И он заиграл красивую музыку, а Олеся показывала, что надо делать, и Тамара плавно поднимала руки, и ходила по кругу на цыпочках, и у неё было очень радостно на душе.
ГОСПИТАЛЬ
Скоро выяснилось, что «репертуар» — это всё вместе: и песня лётчиков, и Инночкин Моцарт, и «Баясик», и Тамарин вальс, и всё-всё, что ребята выучили со Сметан Сметанычем. А учили они это всё не просто так, а потому что их пригласили в гости раненые из госпиталя; а чтобы раненым было интересно, ребята и приготовили «репертуар».
Олеся сшила Тамаре белое платьице из марли с коротенькой юбочкой и множеством оборок. Это называлось «пачка». Всем ребятам починили ботинка.
И вот наконец Вера Александровна пришла и сказала:
— Завтра едем.
Утром после завтрака в телегу запрягли Мишку. На дно телеги положили сено и байковые одеяла. Взяли с собой хлеб. Тётя Нюра сказала:
— Мало ли что…
И ещё взяли с собой горшок — тоже «мало ли что». И ещё два бидона е водой.
Потом нарядились. Потом пришёл Степан Степанович. И Вера Александровна. И Олеся. И все поехали. Мишка шел медленно. Его погоняли, но он всё равно шёл медленно, потому что ему было тяжело. Все нервничали и боялись опоздать.
Потом у Мишки порвался какой-то чересседельник.

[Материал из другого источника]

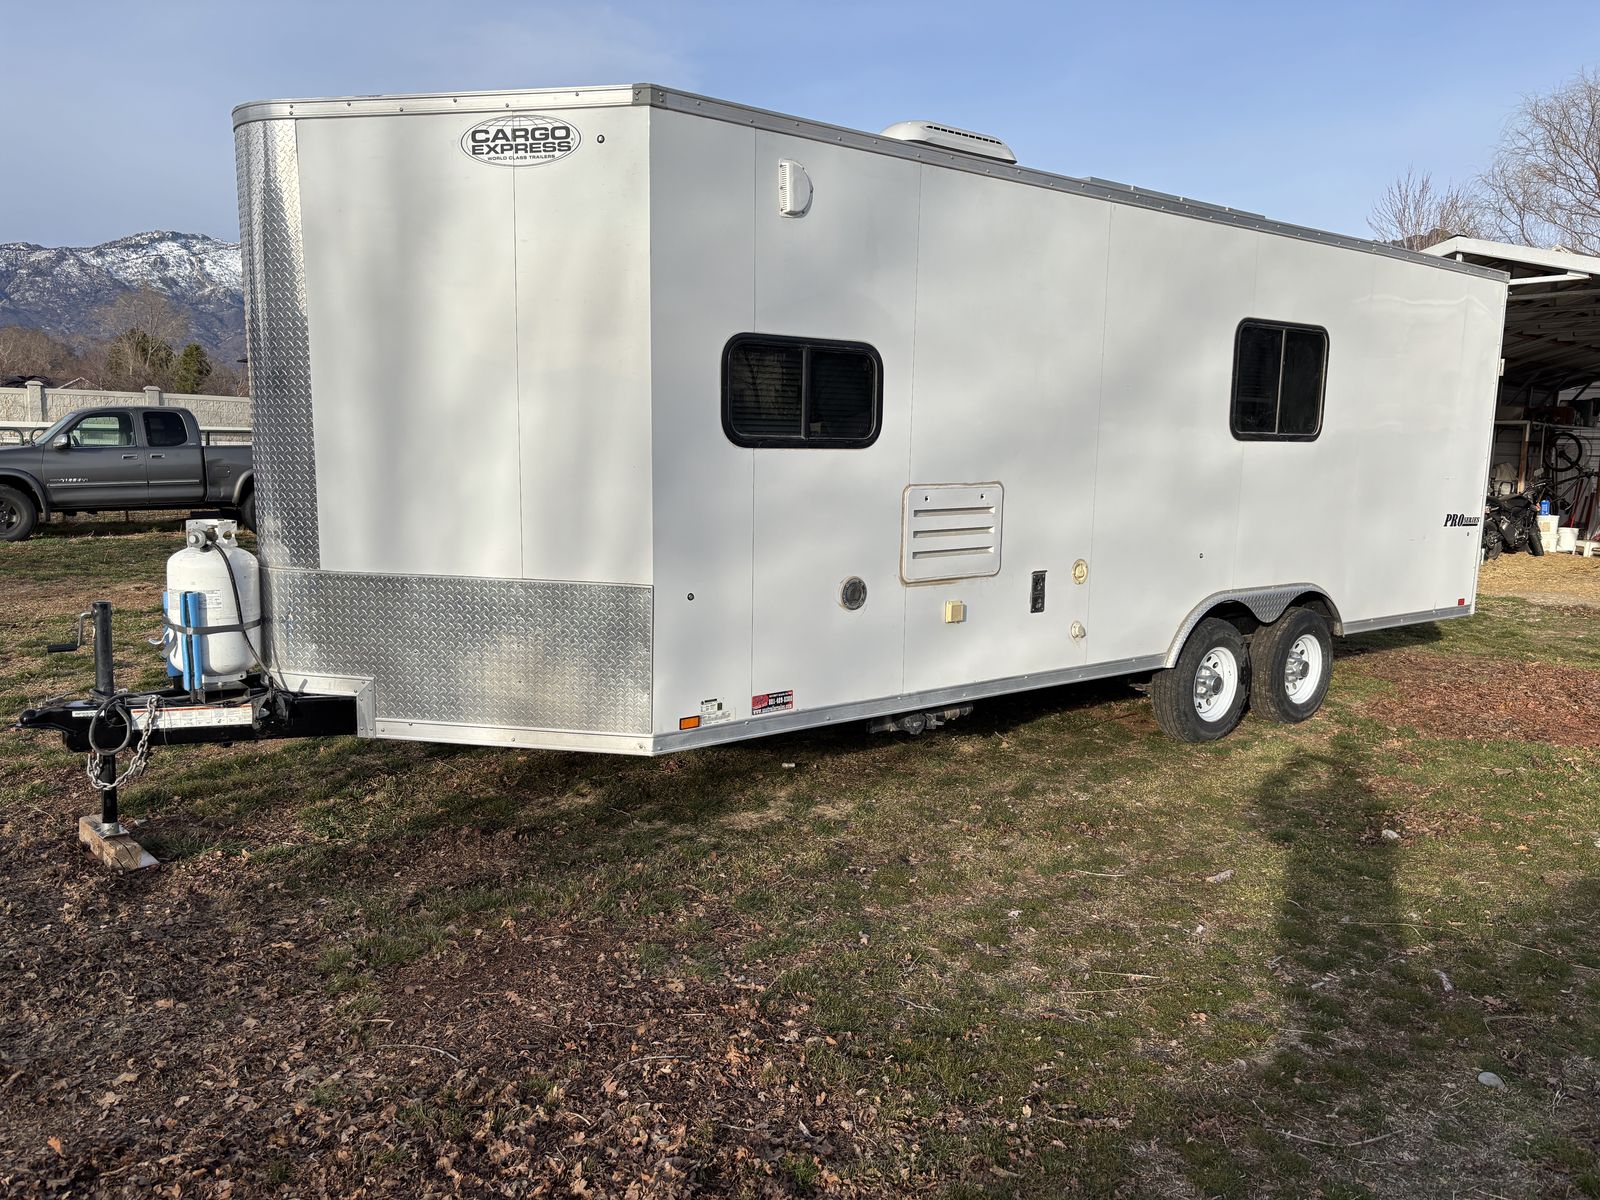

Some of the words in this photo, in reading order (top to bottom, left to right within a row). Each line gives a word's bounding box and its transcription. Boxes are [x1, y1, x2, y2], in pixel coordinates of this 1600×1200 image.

[471, 126, 571, 143] CARGO
[471, 141, 572, 155] EXPRESS
[1444, 513, 1464, 526] PRO

Потом Тамара захотела пить, и все захотели пить, и тётя Нюра всех поила и ругалась.
Наконец проехали большое поле и въехали в город и так затряслись по булыжной мостовой, что языки во рту задрыгали и заныло в животе. Свернули на ту улицу, где был госпиталь. У ворот их дожидалась тётенька. Она была в белом халате, а из-под халата выглядывала военная гимнастёрка. Она кинулась навстречу и закричала:
— Ну что же вы, ну где же вы? Раненые ждут. Обед уже скоро. Ну, скорее, скорее…
Вошли в госпиталь. Там пахло свежей масляной краской, варёной капустой и каким-то знакомым-знакомым лекарством. Прошли белыми гулкими коридорами, поднялись по каменной лестнице, потом протопали по деревянным ступенькам и вдруг очутились на сцене. На сцене стоял такой же рояль, как у ребят дома.
А в зале на стульях и на подоконниках сидели раненые в серых халатах.
Фашисты ранили их на войне, и теперь они лечились в госпитале, чтобы снова поехать на фронт и выгнать фашистов с нашей земли.
Ребята выстроились в два ряда. Степан Степанович заиграл. Ребята запели «Петлицы голубые».
…Тамара танцевала. Она плавно поднимала руки, и опускала их, и вставала на цыпочки, и приседала, и кружилась.
Когда кончился танец, раненые закричали и захлопали в ладоши, а один раненый хлопал ладонью по коленке, потому что у него не было второй руки. Степан Степанович снова заиграл Тамарин вальс, и она танцевала всё сначала. А Валю заставили три раза подряд прочесть «Баясика».